蓮杖院ハルナ。目の前の女子の名前、かっこ自称。
現在、高校の下駄箱前。
かえってドラマの再放送でも見ようとしていたところに現れたこの女は、さっきから僕の進路をふさいで動かない。
「頼むからどいてください…」
「いやだ」
「僕、とってもいそいでるんですよ」
「うそだ」
「このままだと取り返しのつかないことになります(ドラマを見逃してしまいます)」
「関係ない」
さっきからこの調子。

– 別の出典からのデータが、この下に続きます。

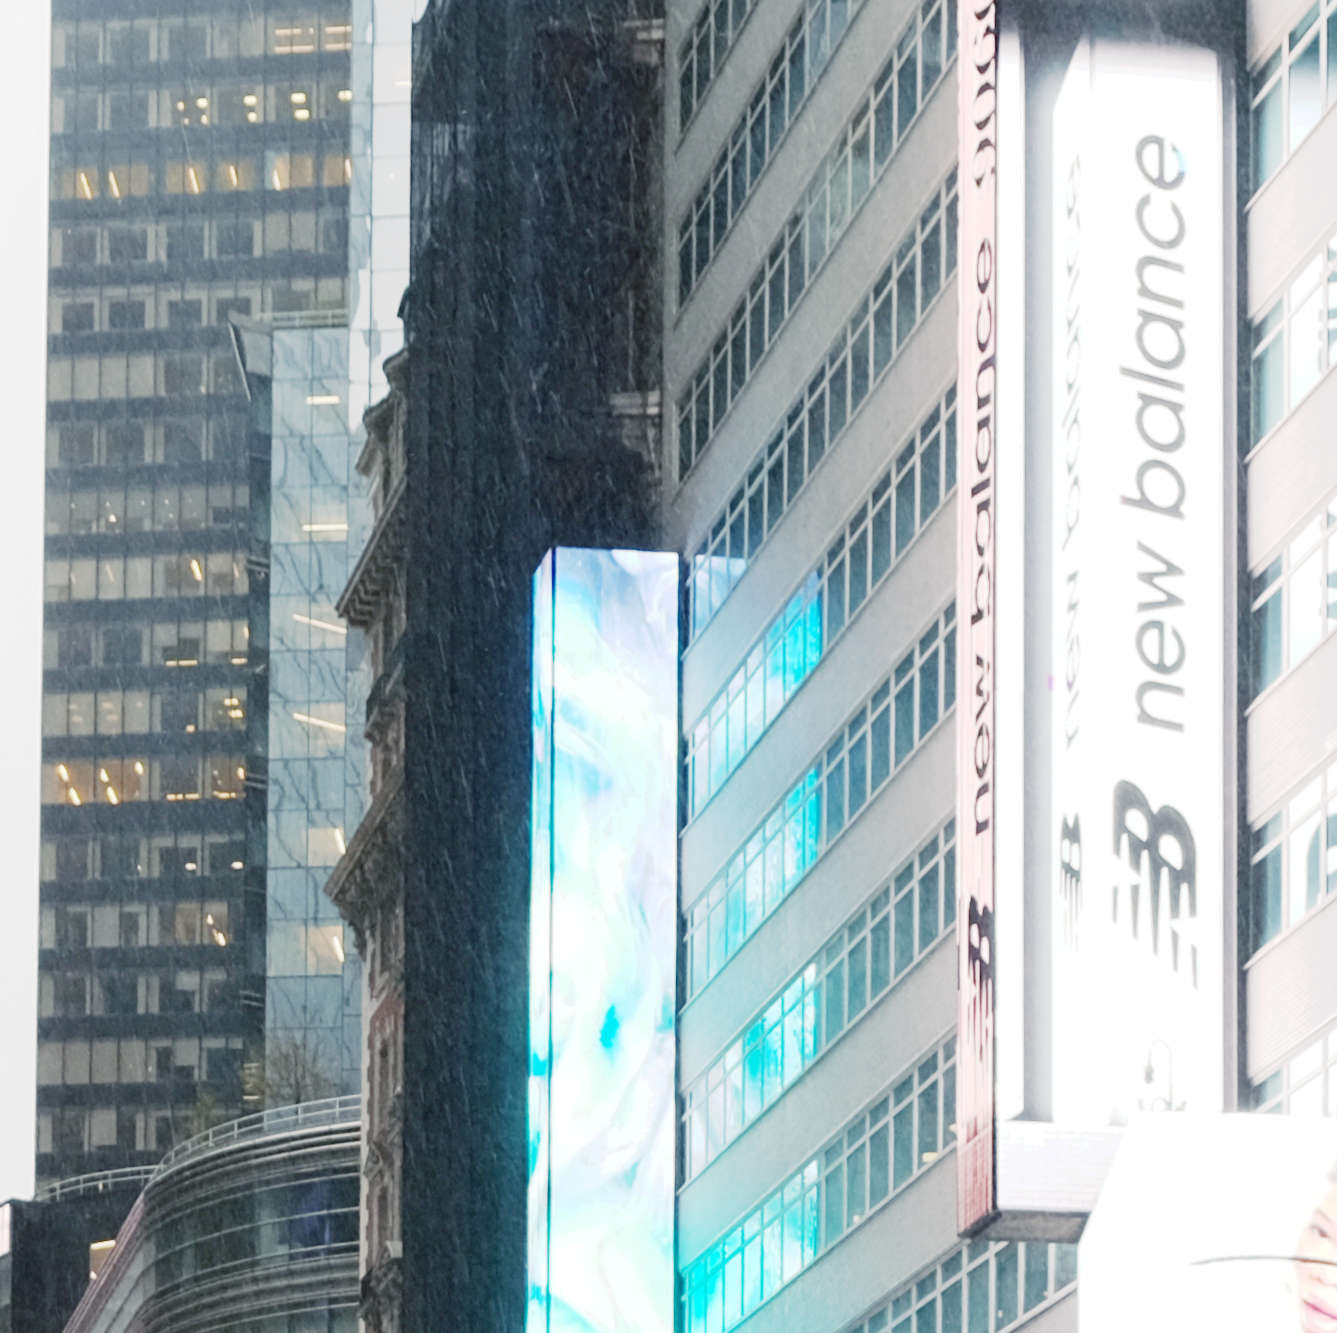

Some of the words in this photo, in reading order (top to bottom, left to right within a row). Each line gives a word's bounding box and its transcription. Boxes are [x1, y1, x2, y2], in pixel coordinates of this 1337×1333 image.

こっちの都合なんて考えていない。
「私はな」
女が無表情にいう。
「お前のことが気になって仕方ない」
「……」
「こんな気持ち初めてだ」
「……」
「たぶんきっと恋なんだと思う」
「……」
「聞いているのか?」
「はぁ…」
どうしてこうなった。
この女が僕につきまとうようになったのは丁度梅雨明けの頃だった。
どこかの世界のお決まりのように校舎裏に呼び出され、あろうことか告白された。
いや、告白はいい。ただ、動機がおかしかった。
それは彼女の下校時の出来事だった。土砂降りの雨の中彼女は走っていた。目の前に一人の少年が、おそらく捨られたであろう猫の入った段ボール箱を見ていた。
少年はおもむろにカバンからタオルを取り出すと、そのタオルに優しく猫をつつみ歩き去った。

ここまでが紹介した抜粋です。